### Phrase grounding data
◆ ◆ ◆ ◆

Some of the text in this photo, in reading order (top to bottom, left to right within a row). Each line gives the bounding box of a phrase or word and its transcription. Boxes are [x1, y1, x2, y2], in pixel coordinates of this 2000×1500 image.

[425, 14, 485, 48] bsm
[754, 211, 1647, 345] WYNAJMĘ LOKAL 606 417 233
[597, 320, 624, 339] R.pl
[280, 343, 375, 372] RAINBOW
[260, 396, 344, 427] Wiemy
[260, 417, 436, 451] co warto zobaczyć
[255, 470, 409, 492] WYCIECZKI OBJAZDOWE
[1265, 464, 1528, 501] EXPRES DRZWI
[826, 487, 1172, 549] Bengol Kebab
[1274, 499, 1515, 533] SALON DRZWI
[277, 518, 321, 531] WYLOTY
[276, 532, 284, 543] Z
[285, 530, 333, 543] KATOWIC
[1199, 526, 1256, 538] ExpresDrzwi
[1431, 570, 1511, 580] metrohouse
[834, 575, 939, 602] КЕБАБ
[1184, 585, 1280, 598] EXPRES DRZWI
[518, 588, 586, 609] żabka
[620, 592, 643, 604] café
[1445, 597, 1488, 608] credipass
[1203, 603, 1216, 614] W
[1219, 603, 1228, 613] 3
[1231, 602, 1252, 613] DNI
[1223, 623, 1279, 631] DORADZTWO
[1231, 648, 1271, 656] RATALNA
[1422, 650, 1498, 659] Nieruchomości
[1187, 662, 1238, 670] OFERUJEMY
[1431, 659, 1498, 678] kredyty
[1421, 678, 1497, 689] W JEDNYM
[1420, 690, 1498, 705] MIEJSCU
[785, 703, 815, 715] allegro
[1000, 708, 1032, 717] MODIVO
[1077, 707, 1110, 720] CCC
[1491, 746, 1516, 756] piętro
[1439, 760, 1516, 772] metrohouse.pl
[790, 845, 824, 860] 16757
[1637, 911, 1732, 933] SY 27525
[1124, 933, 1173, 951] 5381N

◆ ◆ ◆ ◆

### WHAT THE EXERCISE ASKS
An unaltered transcription of all the data above is needed.

### OUTPUT FOR THIS EXERCISE
Some of the text in this photo, in reading order (top to bottom, left to right within a row). Each line gives the bounding box of a phrase or word and its transcription. Boxes are [x1, y1, x2, y2], in pixel coordinates of this 2000×1500 image.

[425, 14, 485, 48] bsm
[754, 211, 1647, 345] WYNAJMĘ LOKAL 606 417 233
[597, 320, 624, 339] R.pl
[280, 343, 375, 372] RAINBOW
[260, 396, 344, 427] Wiemy
[260, 417, 436, 451] co warto zobaczyć
[255, 470, 409, 492] WYCIECZKI OBJAZDOWE
[1265, 464, 1528, 501] EXPRES DRZWI
[826, 487, 1172, 549] Bengol Kebab
[1274, 499, 1515, 533] SALON DRZWI
[277, 518, 321, 531] WYLOTY
[276, 532, 284, 543] Z
[285, 530, 333, 543] KATOWIC
[1199, 526, 1256, 538] ExpresDrzwi
[1431, 570, 1511, 580] metrohouse
[834, 575, 939, 602] КЕБАБ
[1184, 585, 1280, 598] EXPRES DRZWI
[518, 588, 586, 609] żabka
[620, 592, 643, 604] café
[1445, 597, 1488, 608] credipass
[1203, 603, 1216, 614] W
[1219, 603, 1228, 613] 3
[1231, 602, 1252, 613] DNI
[1223, 623, 1279, 631] DORADZTWO
[1231, 648, 1271, 656] RATALNA
[1422, 650, 1498, 659] Nieruchomości
[1187, 662, 1238, 670] OFERUJEMY
[1431, 659, 1498, 678] kredyty
[1421, 678, 1497, 689] W JEDNYM
[1420, 690, 1498, 705] MIEJSCU
[785, 703, 815, 715] allegro
[1000, 708, 1032, 717] MODIVO
[1077, 707, 1110, 720] CCC
[1491, 746, 1516, 756] piętro
[1439, 760, 1516, 772] metrohouse.pl
[790, 845, 824, 860] 16757
[1637, 911, 1732, 933] SY 27525
[1124, 933, 1173, 951] 5381N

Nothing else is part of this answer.